Paisley has faced growing dissent from hard-liners within his Democratic Unionist Party over his dramatic U-turn to work with Catholics. That decision was blamed for the party’s loss in a January by-election, and his leadership was further undermined by his son’s ethical lapses.
Paisley, who made the announcement Tuesday, said weeks of mounting pressure from within his party prompted him to stand aside.
Martin McGuinness, the former Irish Republican Army chieftain who became Paisley’s close colleague in the power-sharing deal reached last March, praised his former enemy for providing “decisive leadership that was instrumental in achieving the peace that we now enjoy.”
Paisley said he will resign in May, after an investment conference in Belfast organized by the power-sharing executive of the British territory.
“I came to this decision a few weeks ago when I was thinking very much about the conference and what was going to come after the conference,” he said. “I thought that it is a marker, a very big marker and it would be a very appropriate time for me to bow out.”
Although he will resign as first minister, he plans to retain his seats in Britain’s Parliament and the Northern Ireland Assembly.
British Prime Minister Gordon Brown said he admired the leadership Paisley had shown as first minister.

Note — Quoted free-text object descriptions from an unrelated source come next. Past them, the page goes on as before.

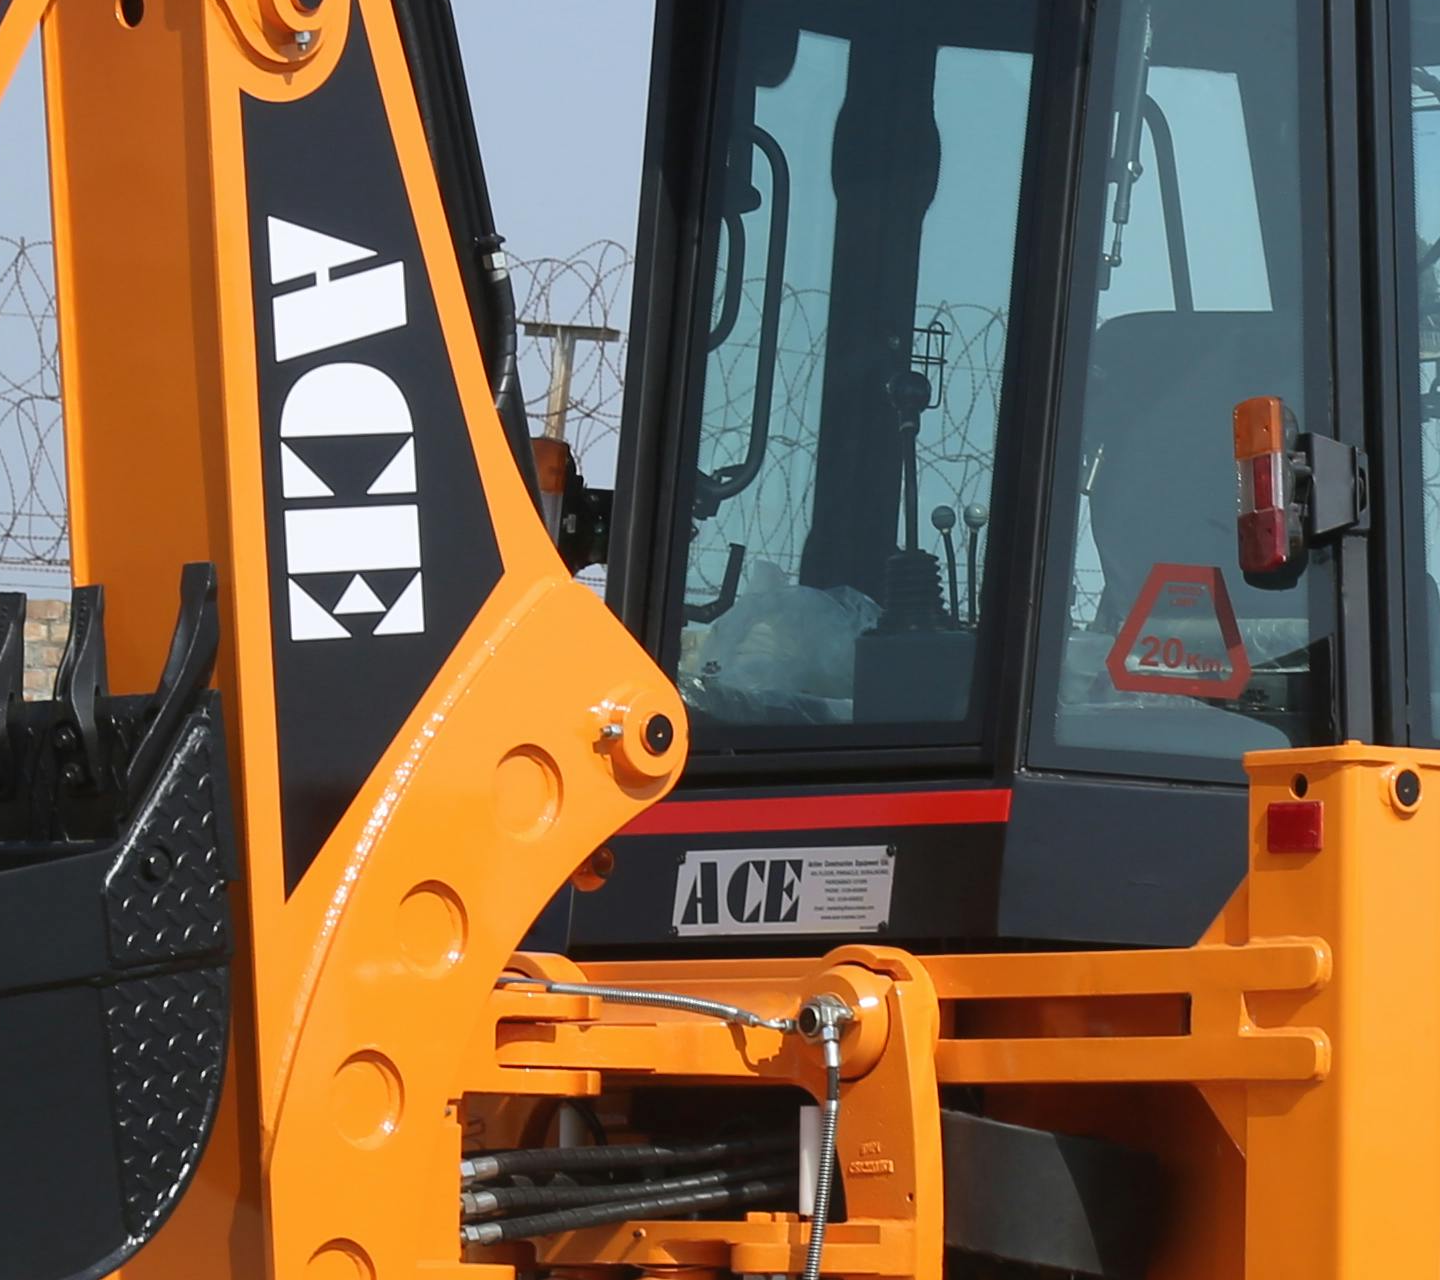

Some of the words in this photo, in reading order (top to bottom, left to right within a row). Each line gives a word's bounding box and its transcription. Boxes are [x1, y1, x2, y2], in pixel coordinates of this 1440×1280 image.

[266, 214, 426, 642] ACE
[1139, 634, 1184, 669] 20
[680, 859, 804, 925] ACE
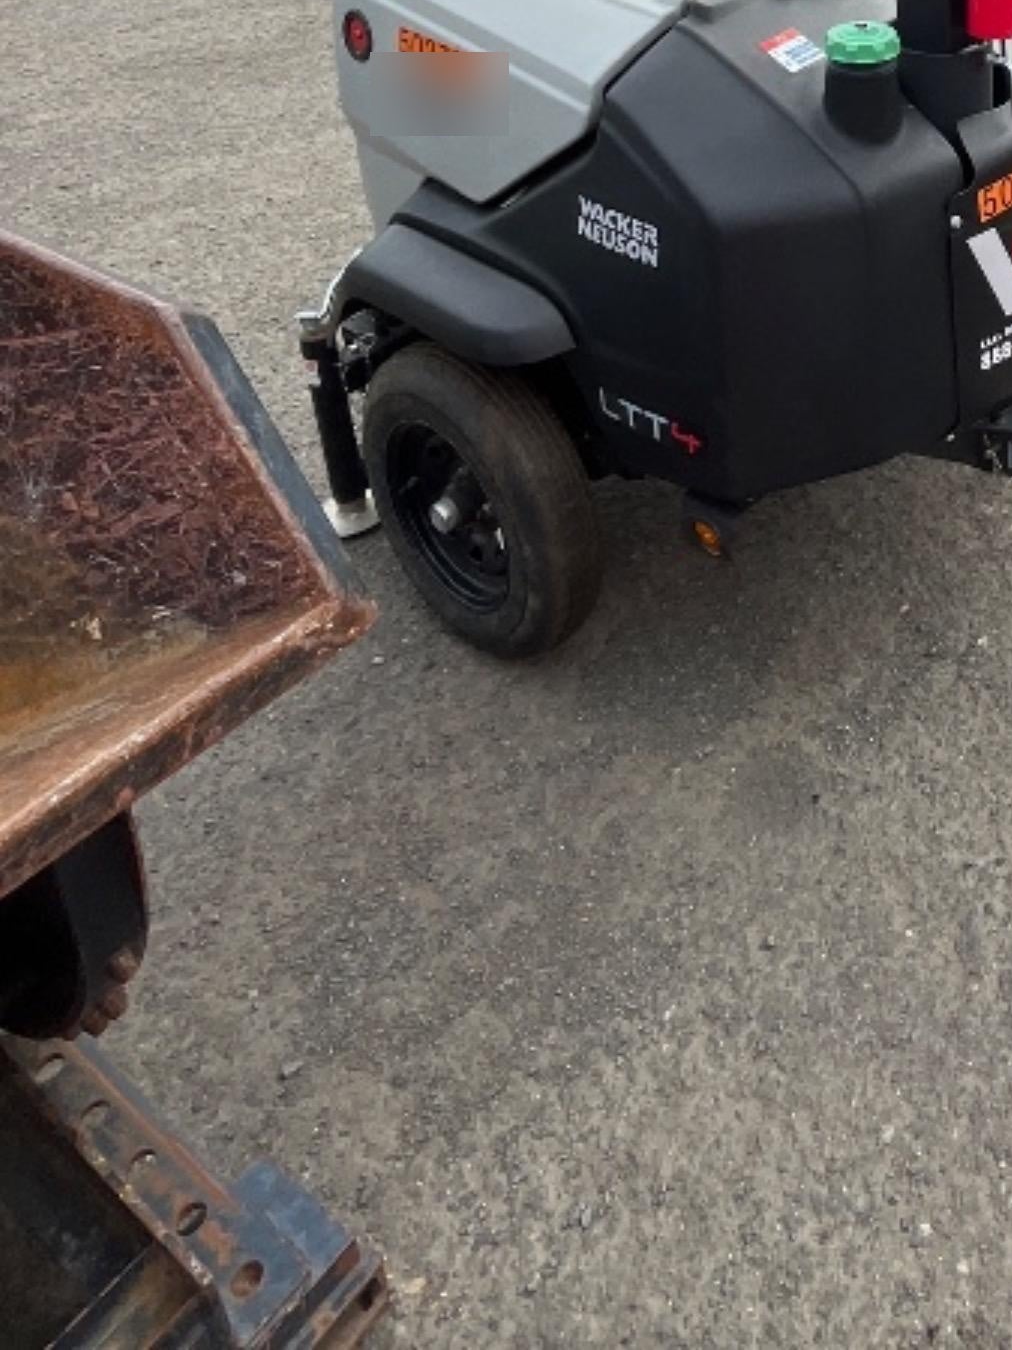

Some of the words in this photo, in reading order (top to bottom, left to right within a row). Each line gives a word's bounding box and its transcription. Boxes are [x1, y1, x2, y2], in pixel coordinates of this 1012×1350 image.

[578, 193, 659, 247] WACKER
[578, 215, 659, 269] NEUSON
[599, 386, 702, 455] LTT4

“Progress on bringing a lasting peace to Northern Ireland would not have been possible without his immense courage and leadership,” Brown said.

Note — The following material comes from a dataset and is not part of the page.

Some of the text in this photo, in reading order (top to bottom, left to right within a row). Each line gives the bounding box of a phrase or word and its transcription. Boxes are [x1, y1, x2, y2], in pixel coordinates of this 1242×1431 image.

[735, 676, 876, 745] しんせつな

It was a huge change for Paisley, who had been the booming voice of Protestant insistence that Northern Ireland remain a part of Britain.

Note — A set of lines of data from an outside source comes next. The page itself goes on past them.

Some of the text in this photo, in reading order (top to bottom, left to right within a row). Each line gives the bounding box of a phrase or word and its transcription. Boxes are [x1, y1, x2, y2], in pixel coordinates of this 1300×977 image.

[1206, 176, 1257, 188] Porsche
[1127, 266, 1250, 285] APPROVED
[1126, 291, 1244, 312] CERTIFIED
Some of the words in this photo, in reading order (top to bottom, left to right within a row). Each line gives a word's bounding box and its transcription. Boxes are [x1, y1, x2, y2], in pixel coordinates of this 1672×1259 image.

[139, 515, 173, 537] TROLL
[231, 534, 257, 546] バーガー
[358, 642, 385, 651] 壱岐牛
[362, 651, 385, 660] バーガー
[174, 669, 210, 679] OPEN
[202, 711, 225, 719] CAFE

Paisley’s followers were stunned last March when he abandoned his four-decade-old refusal to work with the IRA-linked Sinn Fein party following that party’s landmark decision to begin working with the Northern Ireland police force.
Paisley, who represents the British Protestant majority, and McGuinness, who represents the Irish Catholic minority, took charge of a 12-member, four-party administration.
“In the final analysis, he made it happen. The man famous for saying no will go down in history for saying yes,” said former Prime Minister Tony Blair, who helped broker the deal.
But history must decide whether Paisley will be mostly remembered for his 40 years of saying no, said David Ford, the leader of Northern Ireland’s neutral Alliance Party.
“Many will say his road to Damascus conversion came 35 years too late,” Ford said.
Irish Prime Minister Bertie Ahern acknowledged he had spent most of his political career at loggerheads with Paisley, but said it was difficult to see him just as stability had been achieved.
“We have to now work to see if that harmonious relationship can continue,” Ahern said. “Obviously, I hope so but time will decide that.”
Sinn Fein leader Gerry Adams echoed that sentiment.
“Whatever people might say, his political career has ended with a good and positive legacy for the people who live on this island,” Adams told Sky News.
“My only concern … is that those within the DUP who are against power-sharing, and there are some, would use any instability in the leadership … to set back the progress we have made thus far,” Adams said.
The leading candidates to replace Paisley as party leader are Peter Robinson, the Democratic Unionist Party deputy leader who is finance minister in the power-sharing administration, and Nigel Dodds, the economy minister.
Paisley would not comment on who might take over from him.
“This is not the Church of Rome,” he told Ulster Television. “This is not Apostolic succession and I have no right to say who will succeed me.”
He said he had no plans to try to influence his successor from behind the scenes. “When I make a break, it is a break,” he said.
Paisley previously had insisted he would serve his full term as power-sharing leader through 2011, but the growing disquiet from hard-liners within his party proved too much.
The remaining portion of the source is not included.